1. The Act, in citation form
The legislative instrument is the Haryana Lifts and Escalators (Amendment) Act, 2020 — Haryana Act No. 27 of 2020. It amends the principal Haryana Lifts and Escalators Act, 2008.
The amendment was published in the Haryana Gazette Extra-Ordinary, Number 151-2020/Ext, dated 15 October 2020.
The full text of both the principal 2008 Act and the 2020 Amendment is available in the Sources section at the bottom of this page. We encourage readers — particularly elected representatives, RWAs, and journalists — to read the original gazette notification rather than relying on summaries (including this one).

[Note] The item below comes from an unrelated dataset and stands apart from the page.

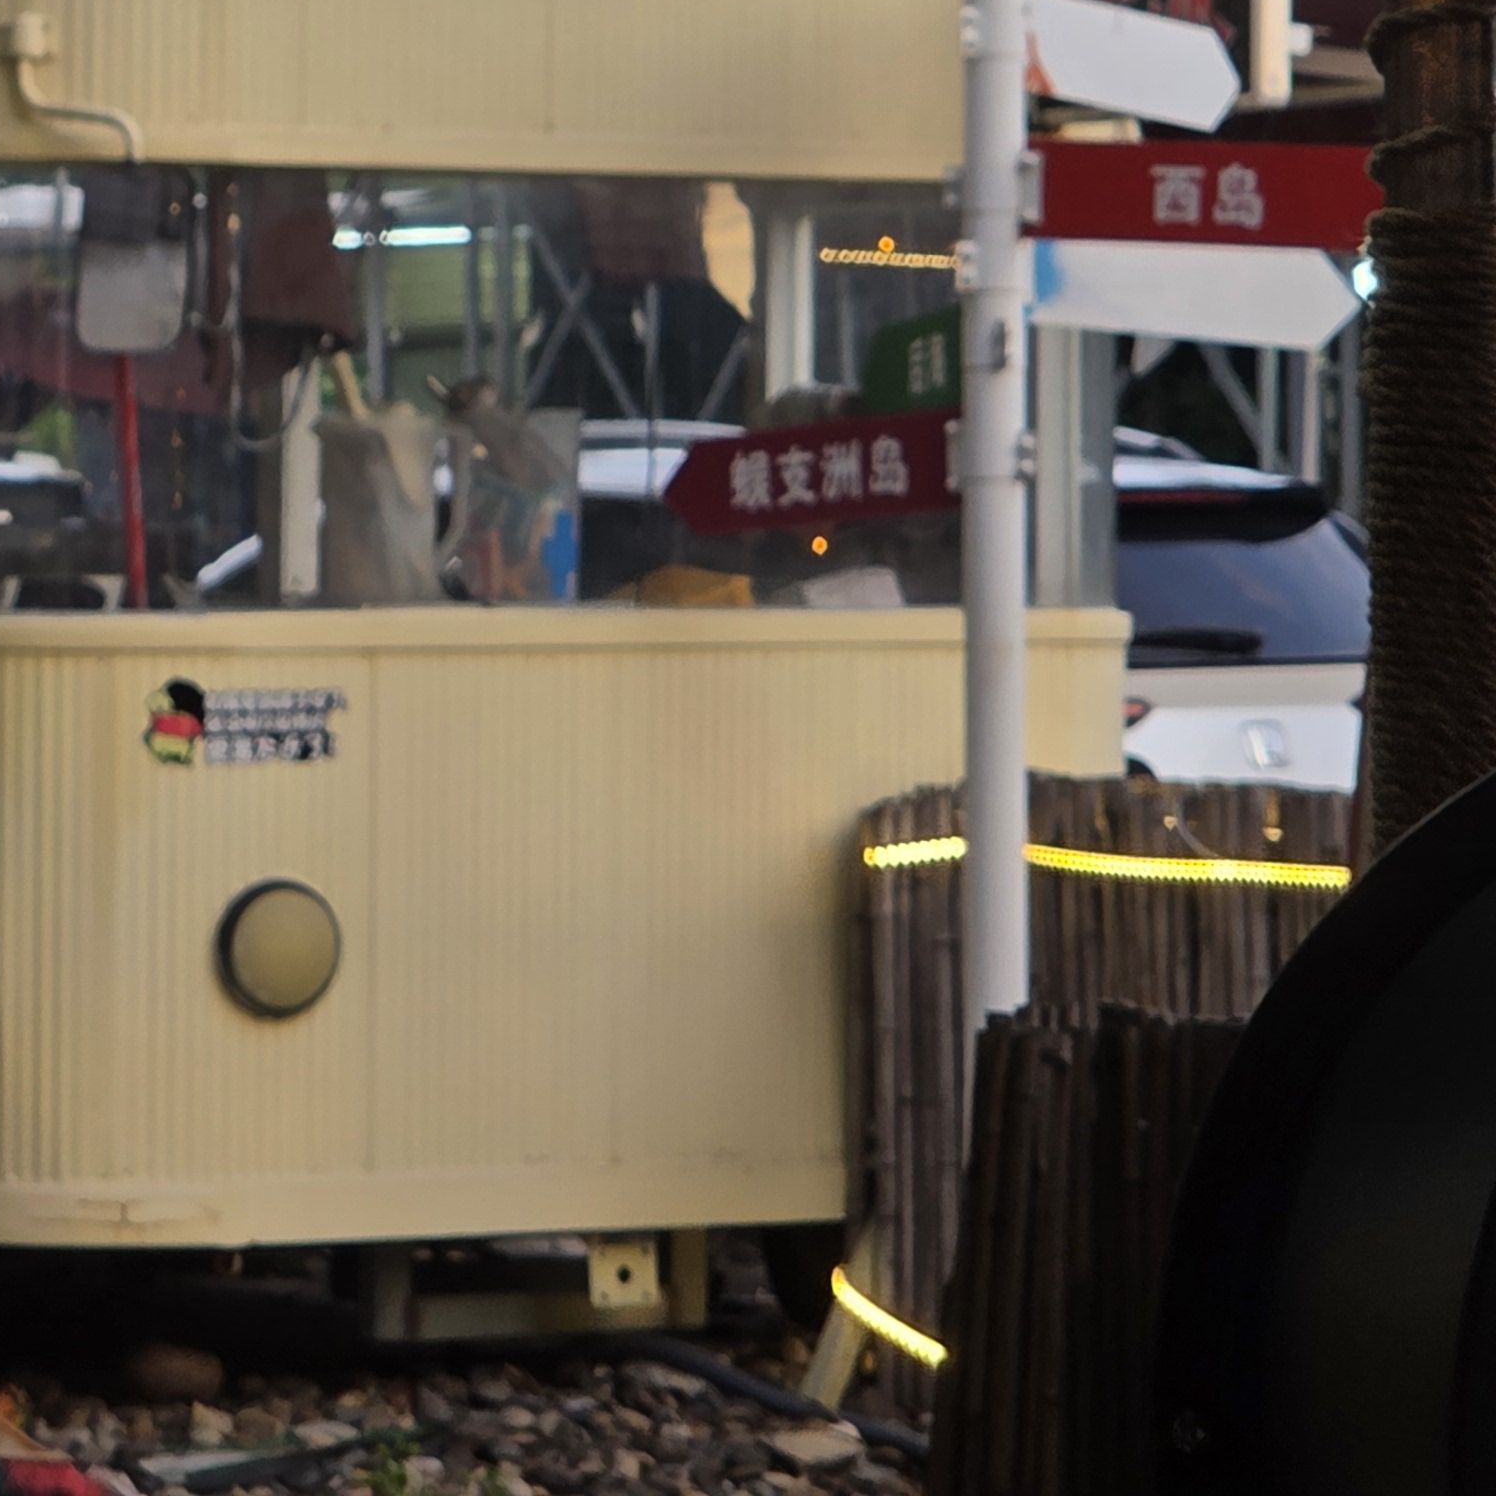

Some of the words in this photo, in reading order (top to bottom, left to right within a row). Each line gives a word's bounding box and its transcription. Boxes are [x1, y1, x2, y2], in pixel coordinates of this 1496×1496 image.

2. What it actually requires
The amendment introduces a positive obligation on the owner of a high-rise building to install a power-backup system that can run the lift continuously during a grid outage. The statute uses the language “Lift Inverter / Emergency Rescue Device”, treating those terms as equivalent. In other words, the obligation is on the function (uninterrupted backup), not any specific brand or patented technology.
This is meaningfully different from the pre-existing requirement:
- Before 2020: Buildings had to install a standard Automatic Rescue Device (ARD) — a battery-operated system that, after a pause of typically 30 seconds or more, moves the lift to the nearest floor and opens the doors so passengers can exit.
- After the 2020 amendment: Buildings above the height threshold must install a system that supplies the lift through the power cut, with no stoppage. Passengers reach their intended floor and the lights stay on throughout.
3. ARD vs ERD — the technical distinction
The two systems address the same problem (loss of grid power) with fundamentally different architectures. The distinction matters because most building owners conflate them.
| Behaviour | Standard ARD | ERD-class backup |
|---|---|---|
| Response to outage | Lift stalls, then activates after a pause | Power supplied through the outage; lift never stops |
| Typical pause | ~30 seconds or longer | Sub-cycle (milliseconds), imperceptible |
| Cabin lights | Cut, then restored | Continuous |
| Where the lift goes | Nearest floor only; doors open and trip ends | The passenger's intended destination |
| Backup duration | Minutes; one rescue cycle | Typically 1 to 12 hours of normal operation |
ARD is mandated nationally under IS 14665 Part 3, Clause 9.5 (Bureau of Indian Standards). Haryana's 2020 amendment goes further — it mandates the ERD-class function as a separate, additional requirement.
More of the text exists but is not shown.